Citazione di: Tarallo il 17 Ago 2020, 08:07
Fat, le cose non sono in contraddizione. Noi vogliamo credere a questi loschi figuri, perché lo fanno per mestiere e sono pagati. Davanti invece alla desolazione della loro irrilevanza, della loro assenza dal mondo, del loro essere pupazzi consapevoli e contenti di esserlo (perché ci pagano le bollette) noi, quelli che più vorrebbero credergli, quelli che più vorrebbero sognare che questi in realtà i contatti li hanno, che non esiste un mondo in cui scrivi la palla gira e te pagano, proprio noi ci incazziamo di più.
Però Salomone non è pagato per scrivere su Twitter. E così pure gli altri. Non sono pagati per darti gli aggiornamenti costanti sui social, quello è il giochino F5 che piace a noi (e quindi non capisco perché prenderlo così dannatamente sul serio).
Loro sono pagati per ricostruire sui quotidiani e infatti li il tenore delle ricostruzioni è un altro.
Non rende oro colato quanto c'è scritto, ma è chiaramente un altro registro. Anche perché non è che messaggero o repubblica vendono di più in base a magliocchetti e cardone (gli ultimi dati parlano di un crollo verticale del cartaceo, soprattutto dei quotidiani sportivi)
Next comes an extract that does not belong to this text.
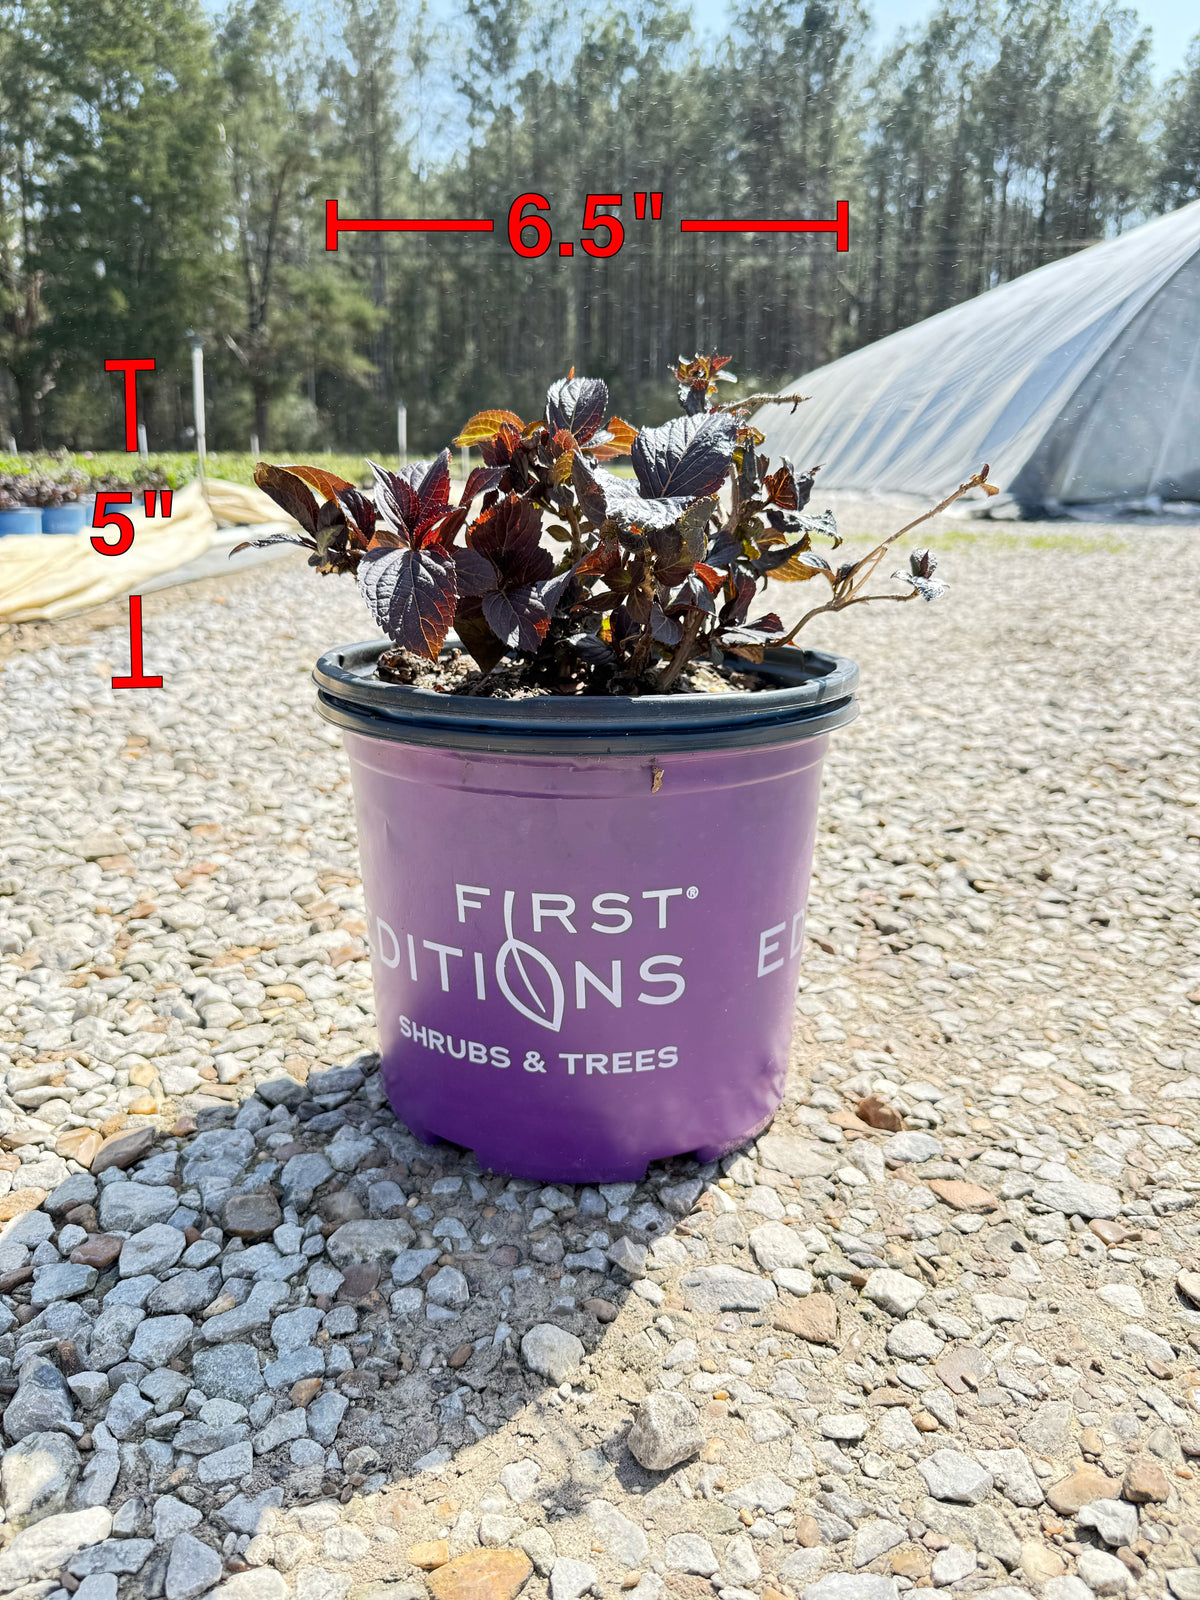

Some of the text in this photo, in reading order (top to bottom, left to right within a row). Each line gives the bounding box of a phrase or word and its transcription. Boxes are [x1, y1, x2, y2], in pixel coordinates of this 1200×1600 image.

[371, 915, 686, 1032] DITIONS
[398, 1014, 679, 1075] SHRUBS & TREES
Altra cosa ancora sono gli articoli sui sitarelli e infatti io quelli li salto a piè pari, perché lì c'è il guadagno estorto col clickbaiting, alla pari del test su quale ortaggio sei.
Le due cose chiaramente si sovrappongono pure, giornalisti che scrivono su quotidiani scrivono anche sui sitarelli, ma quello che voglio dire è di prendere tutto con maggiore leggerezza.
Pure i retroscena parlamentari, di tutt'altro spessore, uniscono dritte e narrativa. Fa parte del retroscena, che però attrae perché è sapere cosa accade dietro il sipario (sipario che ha esattamente la funzione di non farti vedere chiaramente quel che accade dietro di esso).
Le cose so due: o si vuole solo la notizia ufficiale, completa, lineare e allora si rifiuta il retroscena in sé. Solo notizie ufficiali.
Oppure si accetta la narrativa come dark side inevitabile del fascino del retroscena.